Shoplifters
“Shoplifters”
starts in Tokyo where a group of people lived together on the poverty margins. Osamu
is a day laborer who is forced to leave his job after twisting his ankle; his
wife Nobuyo, who works for an industrial laundry service; Aki, who works at a
hostess club; Shota, is a young boy; and Hatsue, an elderly woman who owns the
home and supports the group with her deceased husband's pension.
Osamu
and Shota routinely shoplift goods, using a system of hand signals to
communicate. Osamu tells Shota it is fine to steal things that have not been
sold, as they do not belong to anyone. One especially cold night, they see
Yuri, a neighborhood girl they regularly observe locked out on an apartment
balcony.
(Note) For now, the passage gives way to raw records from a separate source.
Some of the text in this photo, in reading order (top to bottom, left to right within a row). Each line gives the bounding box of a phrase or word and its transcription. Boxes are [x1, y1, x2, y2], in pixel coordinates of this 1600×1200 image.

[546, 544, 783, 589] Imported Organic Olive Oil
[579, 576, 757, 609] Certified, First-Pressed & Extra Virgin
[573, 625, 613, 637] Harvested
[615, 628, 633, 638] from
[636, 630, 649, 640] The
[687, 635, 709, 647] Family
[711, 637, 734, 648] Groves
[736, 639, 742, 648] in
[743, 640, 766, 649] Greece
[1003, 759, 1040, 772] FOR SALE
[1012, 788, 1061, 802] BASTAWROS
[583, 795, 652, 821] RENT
They bring her to their home, intending to only have her stay for
dinner, but choose not to return her after finding evidence of abuse.
Yuri
bonds with her new family and is taught to shoplift by Osamu and Shota. Osamu
urges Shota to see him as his father and Yuri as his sister, but Shota is
reluctant to do so. The family learns on television that police are
investigating Yuri's disappearance; the family cuts her hair, burns her old
clothes, and gives her a new name Lin.
REVIEW: The film is slow but beautiful in look and
character; filed with an abundance of deep charm, reverence and love. It moves
with a sense of quiet light hearted confidence to showcase these people exactly
for who they are. They are professional “Shoplifters”, grifters and cons who really
don’t mean anyone any real harm. They are neither vile nor ruthless criminals.
Rather they are just a loving family doing what they must just to keep a roof
over their heads, food in their stomachs and a constant smile on their faces.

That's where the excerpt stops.